Congressman Calls for Arrest of Security Researcher

Christopher Soghoian writes "Yesterday, I published a tool that allows you to Create your own boarding pass for Northwest flights. This was an attempt to document the fragile and broken state of identity/security for domestic flights in the US. Today, Congressman Markey (D-Mass) has called for my arrest." From the ABC article: "'I don't want to help terrorists or help bad guys do bad things on airplanes, but what we have now is what we in the industry call security theater. It's made to make you think you're secure without actually making you secure,' Soghoian said. 'As a member of the academic research community, I consider this to be a public service.' Soghoian admits that he hasn't actually tried to use one of the boarding passes yet."

Reminds me of an old southwest.com "HOST" bug

[thehossman]

Background: my last name starts with the letters "Host"

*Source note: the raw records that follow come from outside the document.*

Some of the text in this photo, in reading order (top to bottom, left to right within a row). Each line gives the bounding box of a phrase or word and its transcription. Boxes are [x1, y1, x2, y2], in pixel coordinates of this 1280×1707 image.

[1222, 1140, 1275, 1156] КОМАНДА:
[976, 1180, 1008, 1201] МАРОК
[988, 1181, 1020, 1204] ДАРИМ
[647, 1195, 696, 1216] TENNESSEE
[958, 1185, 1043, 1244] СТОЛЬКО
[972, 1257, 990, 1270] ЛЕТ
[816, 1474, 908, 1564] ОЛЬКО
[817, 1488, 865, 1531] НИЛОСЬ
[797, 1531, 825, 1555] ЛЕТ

When southwest first started offering online checking, i discovered a small bug, when you got the the "Print your boarding pass" screen, with my name in all caps, the letters "HOST" were replaced with "southwest.com" ... so if your name was "Jim Hostenfeffer" it would appear on your boardingpass as "JIM southwest.comENFEFFER" ... I played with the site a little bit and found that it was a straight macro replacement bug of whatever domain name was used, so would say "JIM wWw.SOutHwesT.cOmENFEFFER" if that was the domain you typed into the URL bar.

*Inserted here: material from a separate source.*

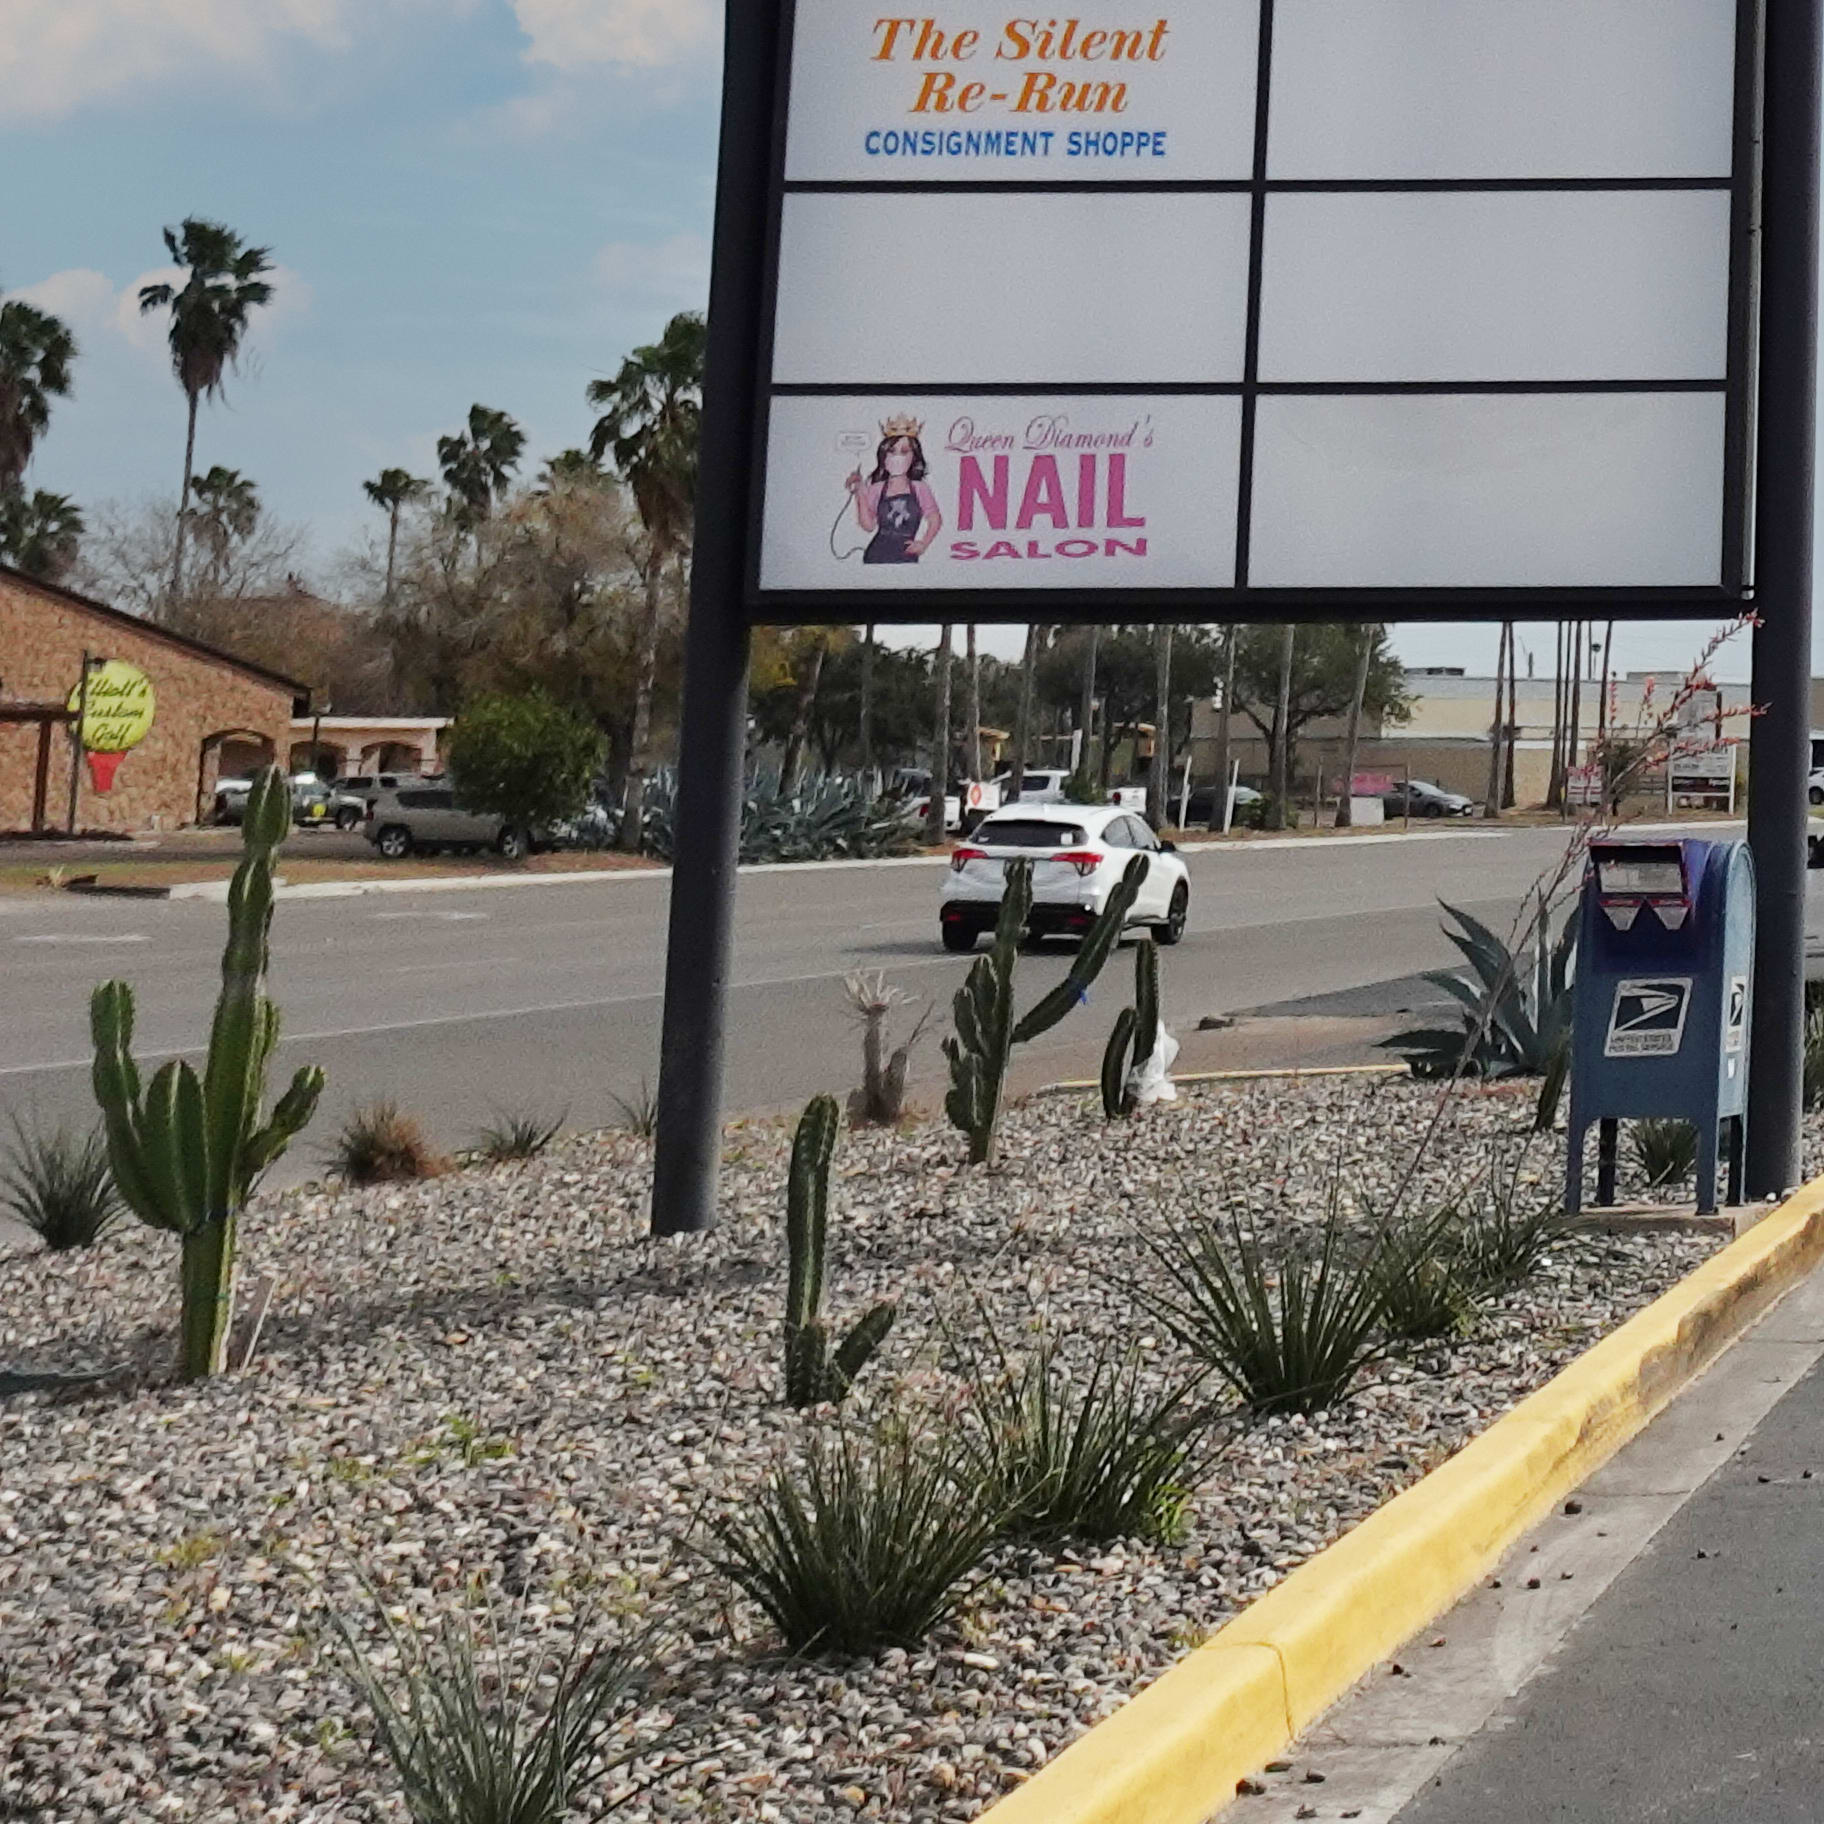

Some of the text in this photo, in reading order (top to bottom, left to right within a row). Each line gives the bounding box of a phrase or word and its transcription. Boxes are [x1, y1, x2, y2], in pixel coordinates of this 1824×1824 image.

The first time it happened i thought it was ammusing, I emailed their tech support, saved the HTML to a file and edited it so it had my name again and would match my ID when i checked in.

4 or 5 flights and at least 9 months later it was still happening and I spent a good 3 hours on the phone being transfered arround to different people trying ot get them to understand what the problem was and how fucking ridiculous it was that i had to constantly "hack" my boarding pass because of a bug they'd had for months.